Release their names… shame them!
No, talk to them first! Help them overcome drug addiction. Try TLC (tender loving care)!
Those are two opposing approach.
There are people, even from showbiz, in favor of shaming those with drug problems. But then the likes of Robin Padilla, Alma Concepcion, Rez Cortez, and Quezon City Congressman Alfred Vargas are for TLC. Even Davao City Mayor Sara Duterte is for helping drug users and not shaming them.
Sabrina M, Krista Miller, and Mark Anthony Fernandez are facing drug-related cases.
IN DEFENSE OF – In this regard a piece penned by Congressman Vargas is most timely, relevant. It’s titled “Fallen angels: Not all addicts are bad.” It reads:
The recent string of celebrity-related drug arrests is quite alarming. To tell you the truth, being an actor myself, it personally pains me to see these personalities waste their career and life opportunities because of illegal substances.
You won’t believe the numerous bashings these celebrities have received from both fans and co-workers.
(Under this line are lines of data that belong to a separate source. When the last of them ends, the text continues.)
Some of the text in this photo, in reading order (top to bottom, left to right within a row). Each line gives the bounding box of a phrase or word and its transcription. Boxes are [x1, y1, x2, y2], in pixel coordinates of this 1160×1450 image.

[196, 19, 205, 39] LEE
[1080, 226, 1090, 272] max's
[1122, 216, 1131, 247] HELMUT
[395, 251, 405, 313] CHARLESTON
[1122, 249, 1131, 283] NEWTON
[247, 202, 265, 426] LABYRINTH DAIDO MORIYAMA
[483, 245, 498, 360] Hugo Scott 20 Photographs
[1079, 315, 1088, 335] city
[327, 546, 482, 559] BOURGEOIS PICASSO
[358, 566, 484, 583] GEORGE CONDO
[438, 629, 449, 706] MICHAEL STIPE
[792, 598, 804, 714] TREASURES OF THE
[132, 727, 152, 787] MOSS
There are some who say they deserve it, others say they have been warned but refused to stop, others give a big sigh and say “Sayang!” or worse, others say they have become a burden to society. There are loyal fans though who continue to look up to their idols. Nevertheless, the judgments continue. Truly, their personal and professional lives will never be the same again after this.
BUT, there is still hope.
REFLECTIONS – Allow me to share my reflections and impart what can still be done to ease the burden this is bringing to the industry and our country.
1) Not all drug users are bad people. This is self-explanatory. We all know this.
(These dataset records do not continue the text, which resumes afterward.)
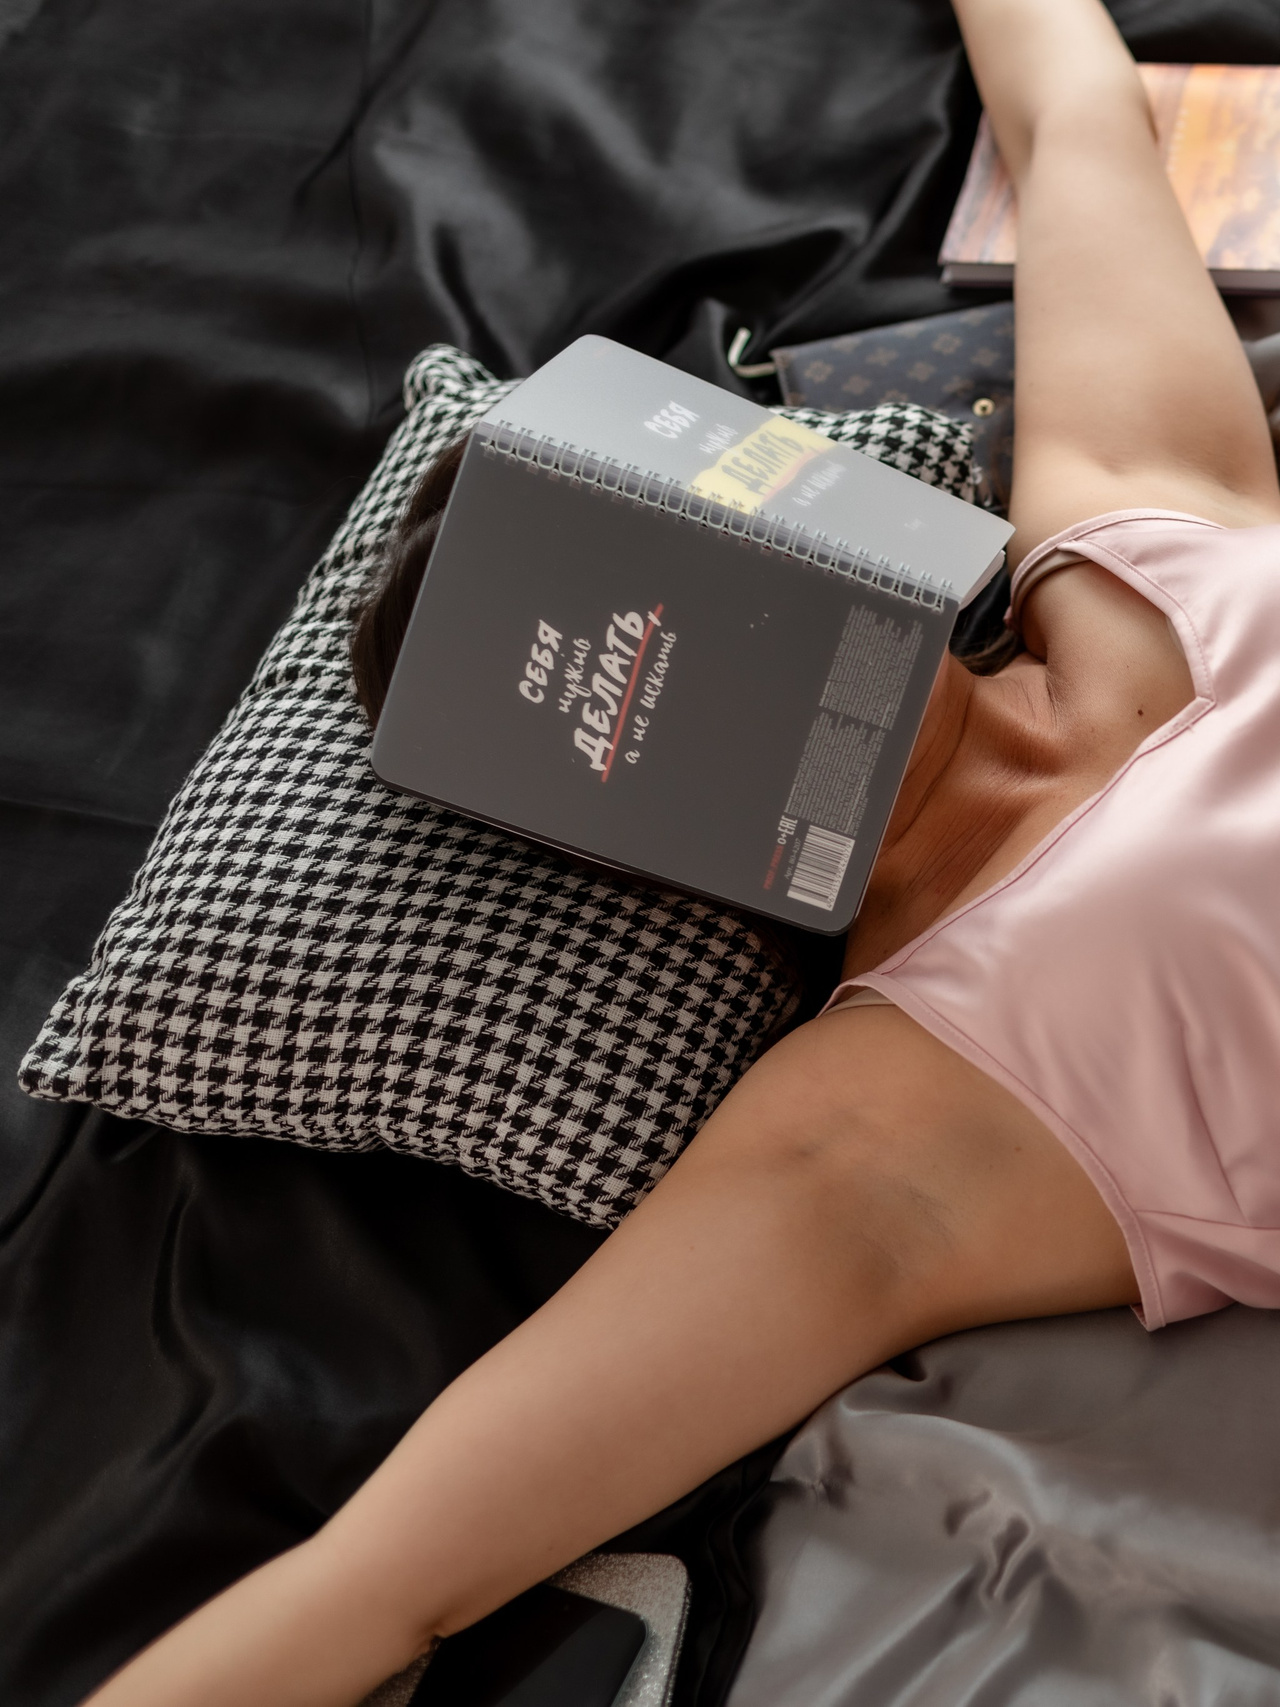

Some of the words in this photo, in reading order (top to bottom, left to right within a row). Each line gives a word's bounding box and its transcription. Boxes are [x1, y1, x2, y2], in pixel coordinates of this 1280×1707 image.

[644, 400, 700, 439] СЕБЯ
[519, 619, 563, 703] СЕБЯ
[558, 638, 592, 713] нужно
[573, 611, 662, 771] ДЕЛАТЬ,
[640, 631, 677, 709] искать
[625, 749, 641, 764] а
[633, 714, 650, 741] не
2) No one is exempted from this problem, not even society’s “VIPs.” Victims of this evil can be your own family, friend or colleague. They could be the youth in your neighborhood or the quiet employee in your company. They could be the people you meet everyday without even knowing it. It is everybody’s concern, including you.
3) Being a celebrity is a big privilege that comes with a big responsibility. If you’re an actor, you’re public property. Whatever you say or do is magnified in the consciousness of our society. If you do good, you are elevate.
If you do bad, you are crucified. The personalities recently arrested for illegal drug use are not even drug lords or big time pushers. But they are now branded as sinful and unforgiveable. This is the reality. But there is another kind of reality. The kind that gives actors the chance to own up and make up for their mistakes, and inspire others to rise up and recover. Being celebrity places you in a position where you are fully capable to effect positive change in society. Grab this.
4) There exists a fierce urgency to act now. The industry needs to talk and plan about how to prevent further incidences. It’s time to strategize and organize. I think that just as other sectors are combining efforts to solve this problem, the same approach should be adapted in the entertainment industry. It’s time for PNP and PDEA to meet with the managers of the actors, parents, network bosses, film producers, actors’ movements, or even the celebrities themselves to come up with an effective framework that will solve this drug problem.
5) There is still hope. This administration is dead serious about this fight. So are the industry stakeholders, civil society organizations, media, and other anti-drug advocates. This strength in unity will surely lead us to meaningful reform in the showbiz industry.
Film producers always say that a true star can only deliver his best performance if the role that he is playing is challenging. A true star, in sports, shines the brightest during clutch and under pressure. A true star, in life, takes on challenges and rises to the occasion.
A true star never gives up. So let us not give up on them.
Because a fallen star can shine again.